TASK INPUT: Begin

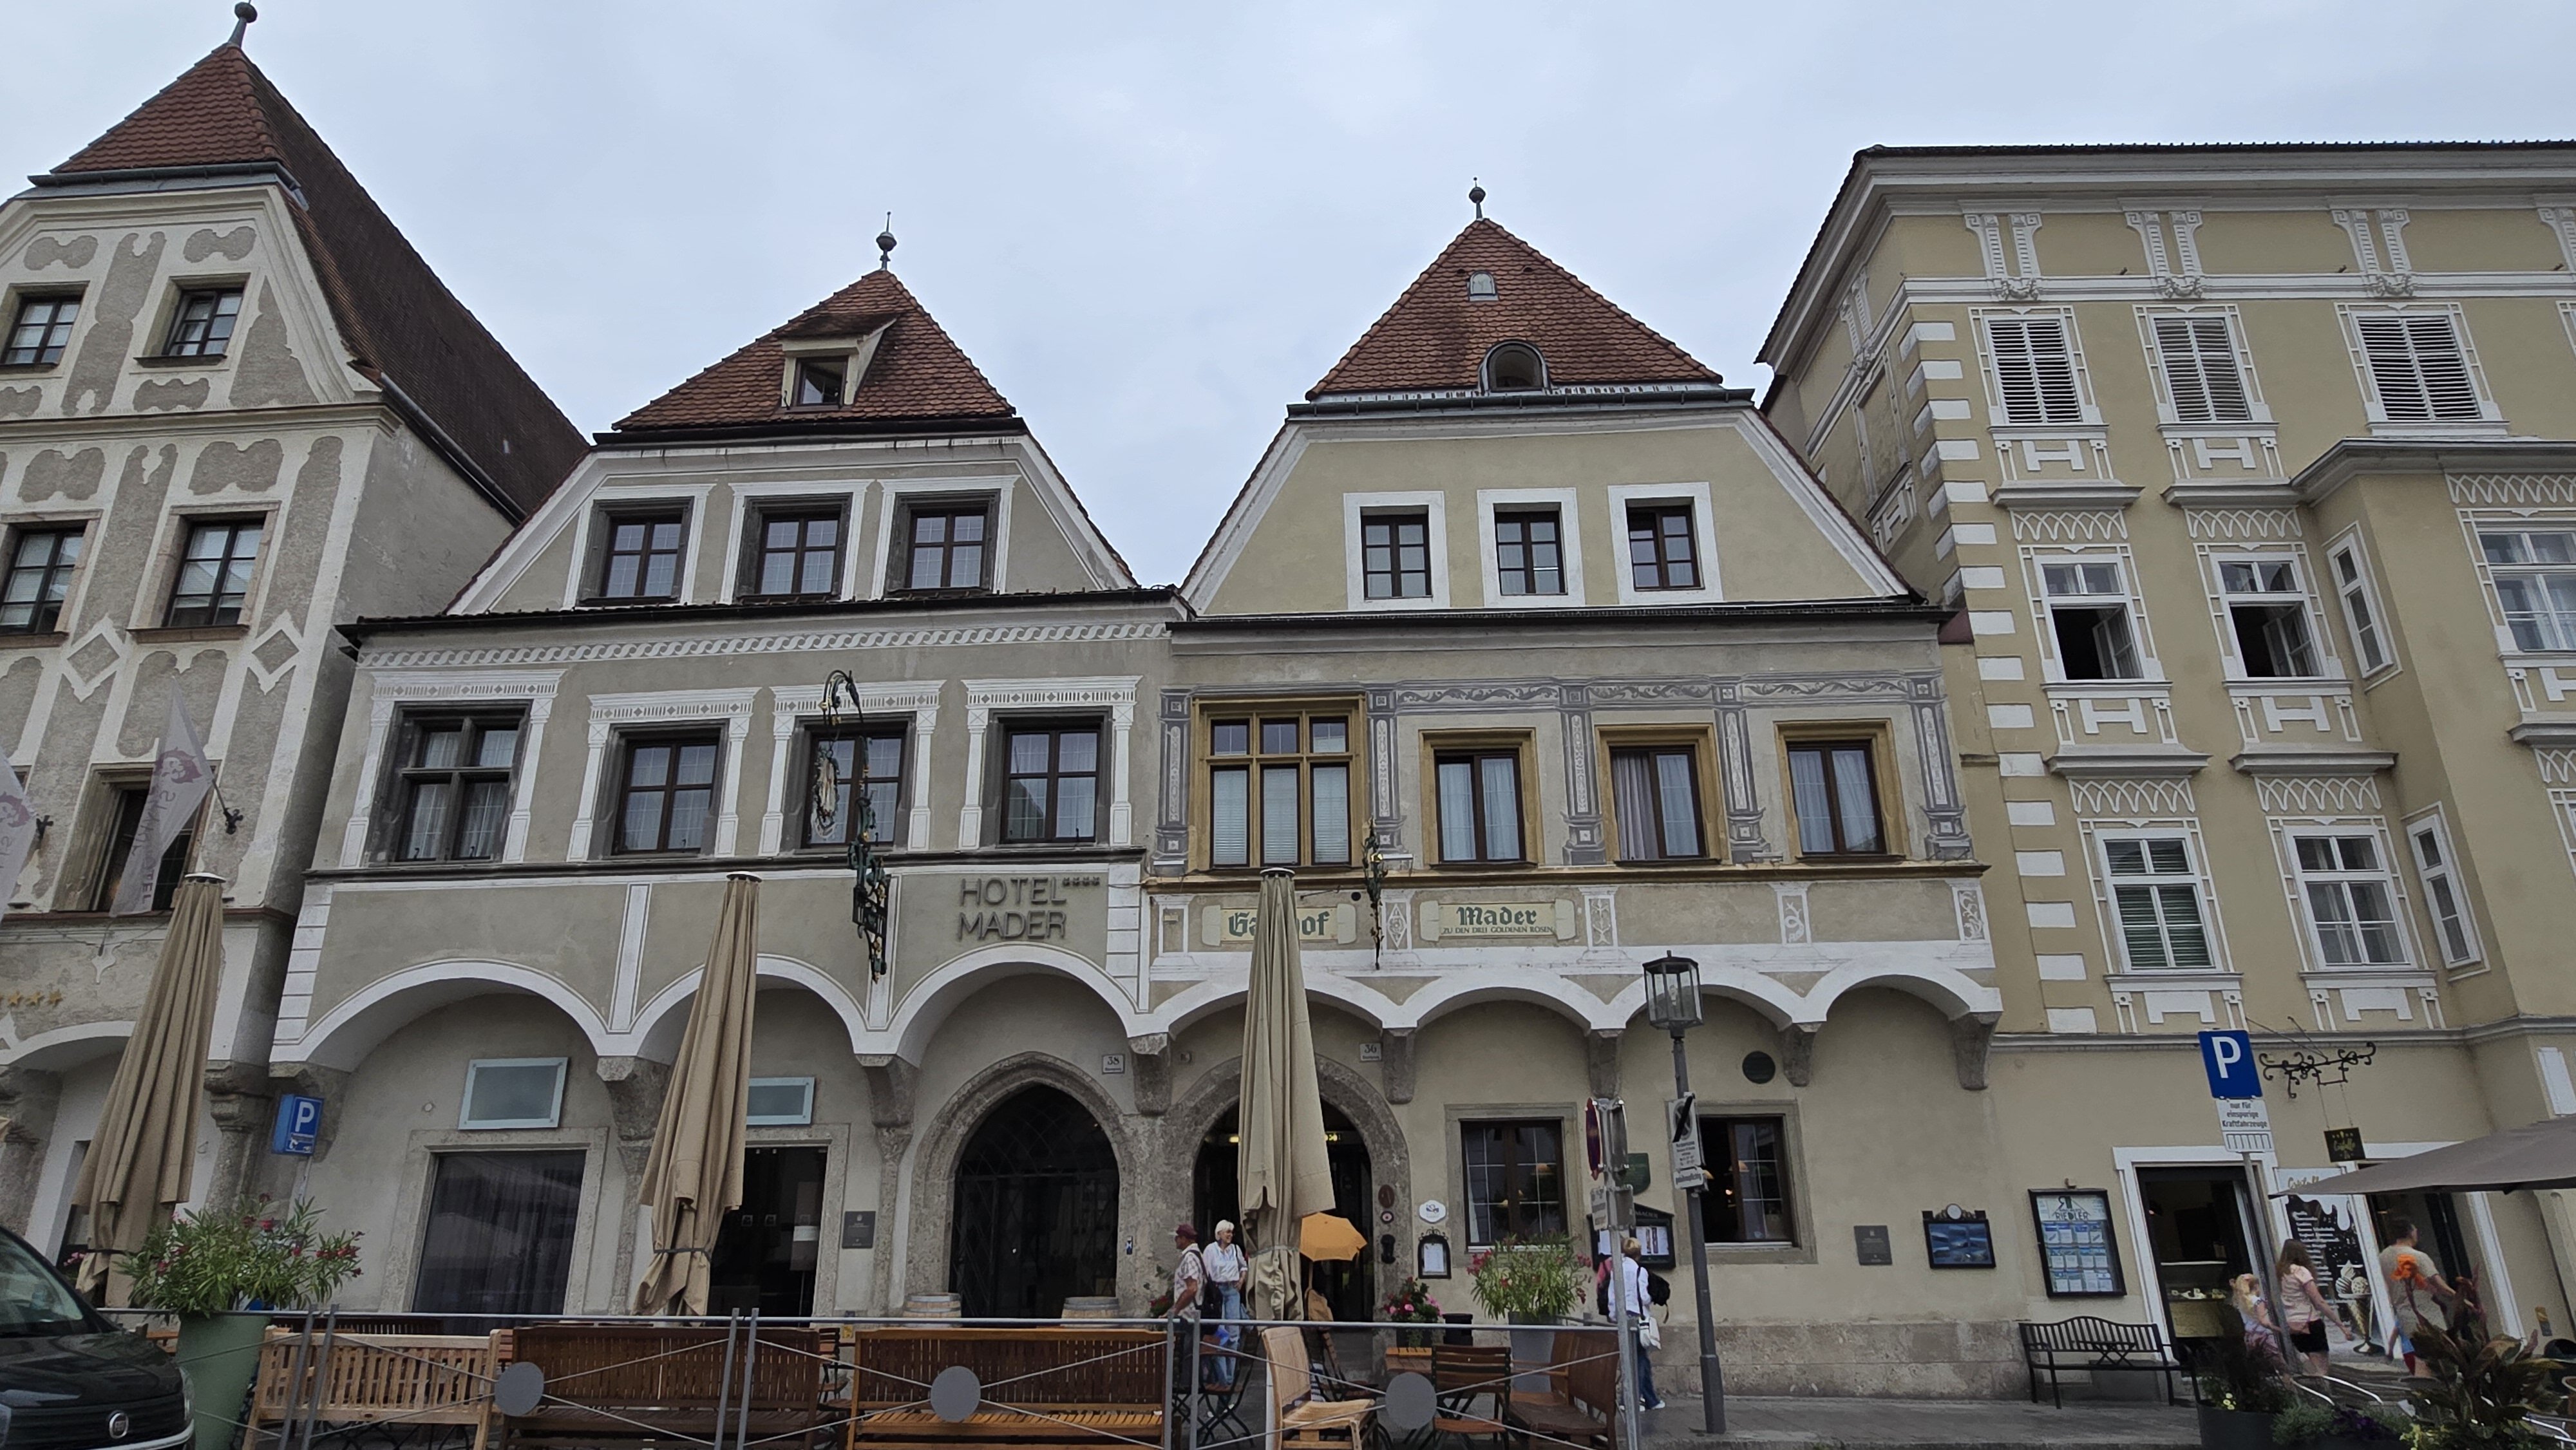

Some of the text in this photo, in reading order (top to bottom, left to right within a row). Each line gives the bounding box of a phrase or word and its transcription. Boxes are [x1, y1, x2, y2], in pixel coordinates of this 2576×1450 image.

[960, 876, 1067, 906] HOTEL
[958, 910, 1067, 941] MADER
[1228, 911, 1330, 937] Gaof
[1456, 906, 1537, 926] Mader
[1364, 1044, 1377, 1053] 36
[2211, 1036, 2241, 1078] P
[1107, 1056, 1119, 1065] 38
[294, 1100, 315, 1132] P
[2226, 1109, 2259, 1119] einspurige
[2222, 1120, 2268, 1129] Kraftfahrzeuge
[2055, 1211, 2089, 1221] RIEDLER

TASK INPUT: End

ASSIGNMENT. Restate the material word for word; no picture should appear in the copy.

RESULT FOR THIS TASK.
Some of the text in this photo, in reading order (top to bottom, left to right within a row). Each line gives the bounding box of a phrase or word and its transcription. Boxes are [x1, y1, x2, y2], in pixel coordinates of this 2576×1450 image.

[960, 876, 1067, 906] HOTEL
[958, 910, 1067, 941] MADER
[1228, 911, 1330, 937] Gaof
[1456, 906, 1537, 926] Mader
[1364, 1044, 1377, 1053] 36
[2211, 1036, 2241, 1078] P
[1107, 1056, 1119, 1065] 38
[294, 1100, 315, 1132] P
[2226, 1109, 2259, 1119] einspurige
[2222, 1120, 2268, 1129] Kraftfahrzeuge
[2055, 1211, 2089, 1221] RIEDLER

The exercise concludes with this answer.